Appendix 1: Description of Equivalency between Virtual Queue and Constraint (11)

These queues own stability which is equivalent to \(\lim_{T \to \infty } {\mathbb{E}}\{ X_{i} (T)/T\} = 0\). And for (15), it exists that

$$ X_{i} (t + 1) \ge X_{i} (t) - N_{i}^{\max } + (E_{i} (t) + e_{i} (t))N_{i} (t). $$

(41)

The following inequality can be obtained for the summation of the time slot from 0 to \(t\) with the above inequality (41):

$$ \frac{{X_{i} (T) - X_{i} (0)}}{T} + N_{i}^{\max } \ge \frac{1}{T}\sum\limits_{t = 0}^{T - 1} {(E_{i} (t) + e_{i} (t))N_{i} (t)} . $$

(42)

Bring \(X(0) = 0\) and take the two sides of inequality (42) to the limit, we can get the following inequality:

$$ \mathop {\lim }\limits_{T \to \infty } \frac{{{\mathbb{E}}\{ X_{i} (t)\} }}{T} + N_{i}^{\max } \ge \mathop {\lim }\limits_{T \to \infty } \frac{1}{T}\sum\limits_{t = 0}^{T - 1} {(E_{i} (t) + e_{i} (t))N_{i} (t)} . $$

(43)

If the virtual queues \(X_{i} (t)\) are stable, it should be satisfied that \(\lim_{T \to \infty } {\mathbb{E}}\{ X_{i} (T)/\} /T = 0\) and the above inequality (43) can be converted to the carbon emission constraint (11) of problem (14). Therefore, satisfying carbon emission constraint is equivalent to the stability of virtual queues. Thus, in this way, the carbon emissions constraint (14) can be constrained into the stability of the virtual queue.

Appendix 2

Proof of Lemma 1

Similar to [11], there is a fact obviously which is that \((\max [x - y + z,0])^{2} \le x^{2} + y^{2} + z^{2} - 2x(y - z),\forall x,y,z \ge 0.\) So, for virtual queue \(X_{i} (t),\) there are

$$ \begin{gathered} X_{i}^{2} (t + 1) - X_{i}^{2} (t) \le (N_{i}^{\max } )^{2} + (E_{i} (t) + e_{i} (t))^{2} N_{i}^{2} (t) \hfill \\ - 2X_{i} (t)[N_{i}^{\max } - (E_{i} (t) + e_{i} (t))N_{i} (t)]. \hfill \\ \end{gathered} $$

(44)

Based on the above inequality, we can get:

$$ \begin{gathered} \Delta ({\mathbf{X}}(t)) \le \sum\nolimits_{i = 1}^{I} {\frac{1}{2}{\mathbb{E}}\{ (N_{i}^{\max } )^{2} + (E_{i} (t) + e_{i} (t))^{2} N_{i}^{2} (t)|{\mathbf{X}}(t)\} } \hfill \\ - \sum\nolimits_{i = 1}^{I} {X_{i} (t){\mathbb{E}}\{ N_{i}^{\max } - (E_{i} (t) + e_{i} (t))N_{i} (t)|{\mathbf{X}}(t)\} } . \hfill \\ \end{gathered} $$

(45)

It is obvious that \((E_{i} (t) + e_{i} (t))N_{i} (t)\) is bounded by \(\max_{i,t} (E_{i} (t) + e_{i} (t))N_{i} (t)\). So, the bound value of the express \(1/2\sum\nolimits_{i = 1}^{I} {{\mathbb{E}}\{ (N_{i}^{\max } )^{2} + (E_{i} (t) + e_{i} (t))^{2} N_{i}^{2} (t)|{\mathbf{X}}(t)\} }\) is defined by \(B = 1/2 \cdot (\sum\nolimits_{i = 1}^{I} {(N_{i}^{\max } )^{2} + I(\max_{i,t} (E_{i} (t) + e_{i} (t))N_{i} (t)} )^{2} )\).

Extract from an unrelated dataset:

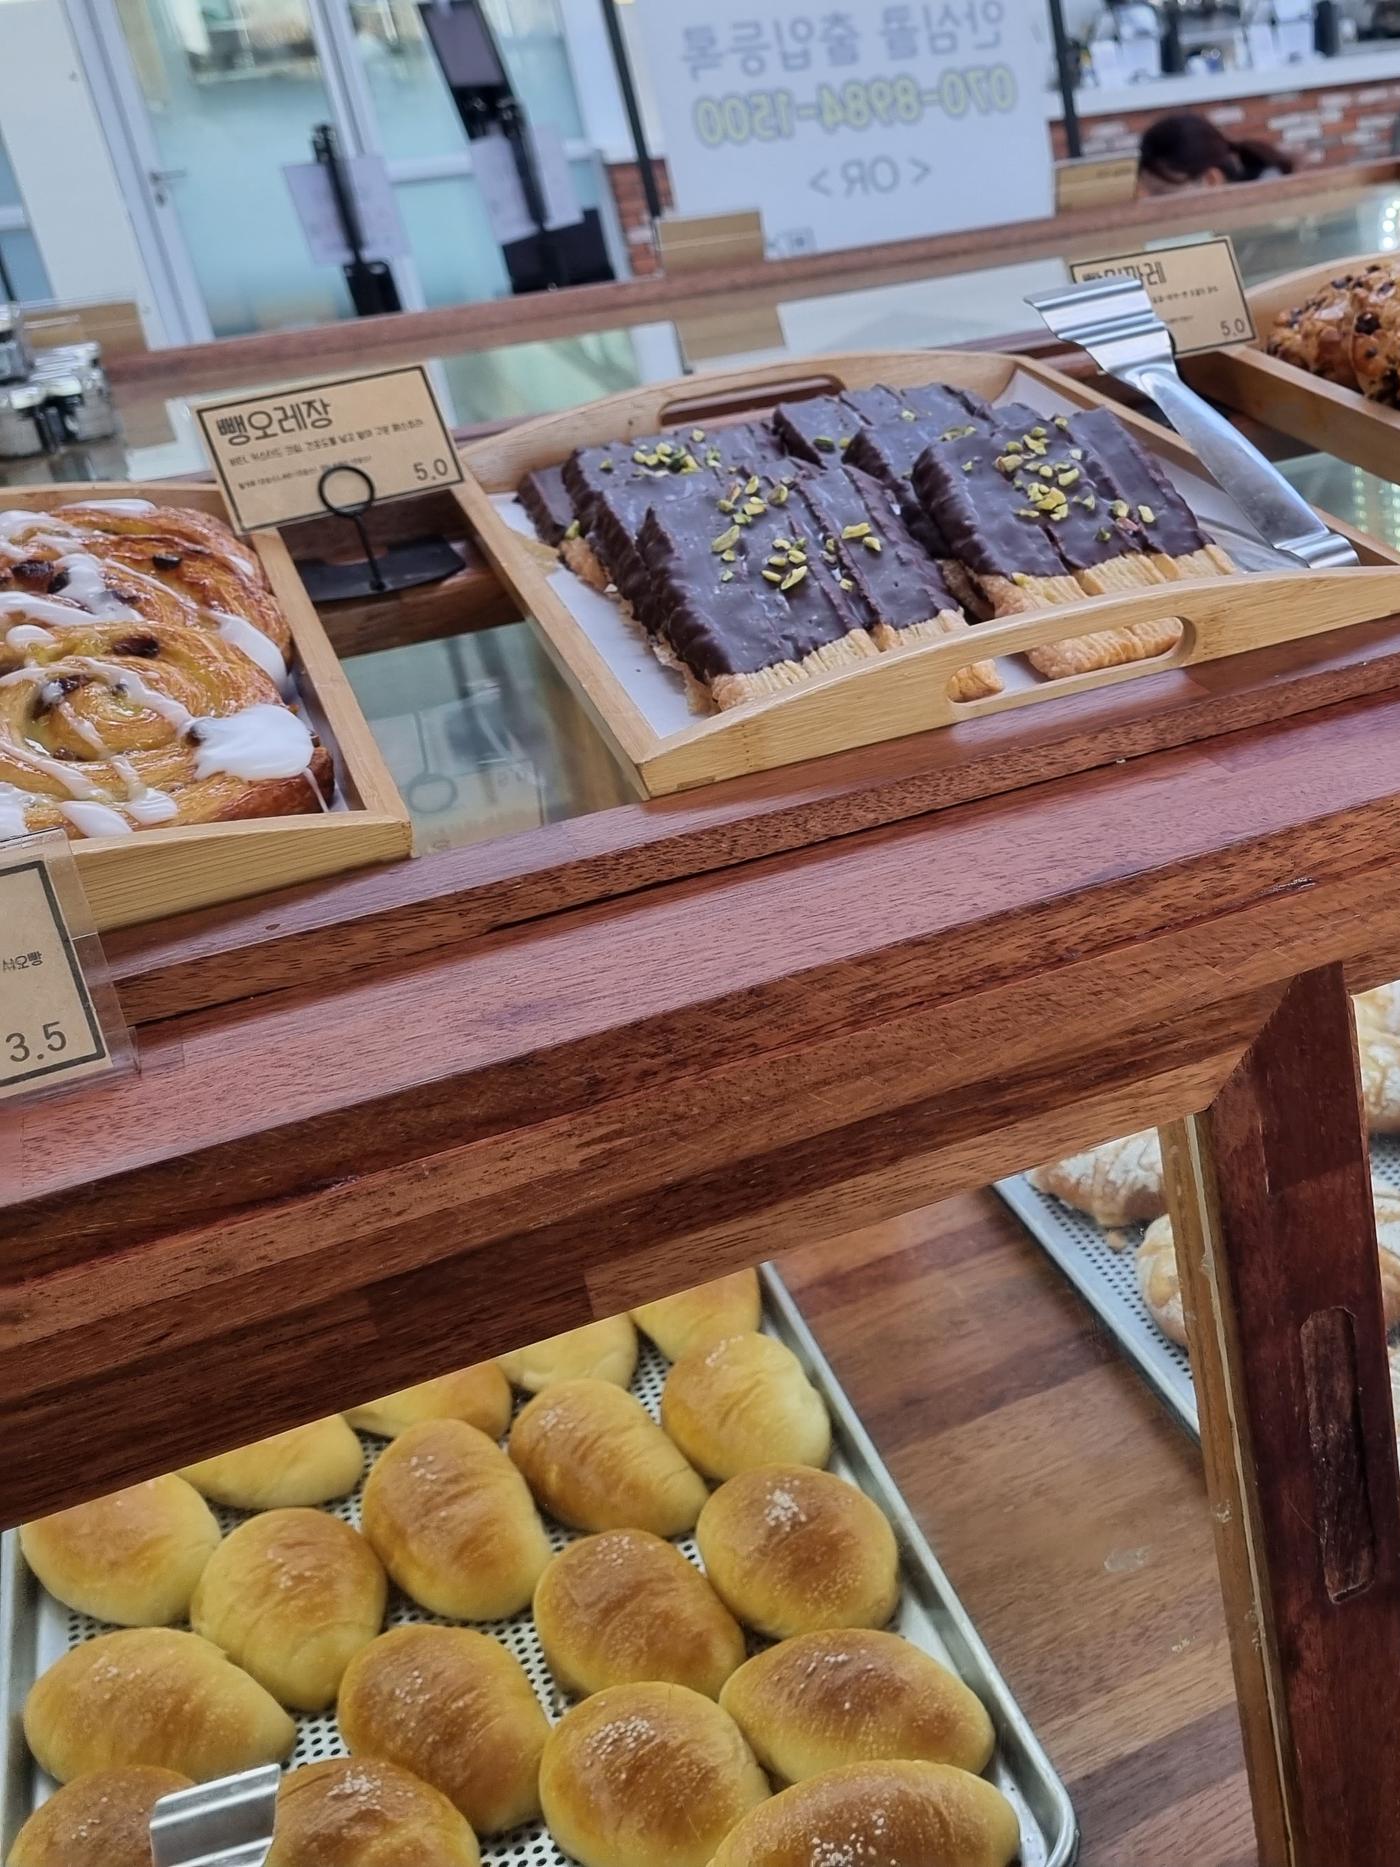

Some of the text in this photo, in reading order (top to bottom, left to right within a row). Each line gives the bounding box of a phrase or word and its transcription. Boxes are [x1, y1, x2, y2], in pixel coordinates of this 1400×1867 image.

[1220, 317, 1246, 337] 5.0
[216, 398, 333, 446] 뺑오레장
[413, 458, 448, 481] 5.0
[5, 1021, 67, 1063] 3.5

The following inequality can be obtained by adding the express \(H{\mathbb{E}}\{ \sum\nolimits_{i = 1}^{I} {(E_{i} (t) + e_{i} (t)) \cdot M_{i} (t)} \}\) to both sides of inequality (45):

$$ \begin{gathered} \Delta ({\mathbf{X}}(t)) + H{\mathbb{E}}\{ \sum\limits_{i = 1}^{I} {(E_{i} (t) + e_{i} (t))M_{i} (t)} |{\mathbf{X}}(t)\} \le B - \sum\limits_{i = 1}^{I} {X_{i} (t)N_{i}^{\max } } \hfill \\ + \sum\limits_{i = 1}^{I} {{\mathbb{E}}\{ (E_{i} (t) + e_{i} (t))(HM_{i} (t) + X_{i} (t)N_{i} (t))|{\mathbf{X}}(t)\} } . \hfill \\ \end{gathered} $$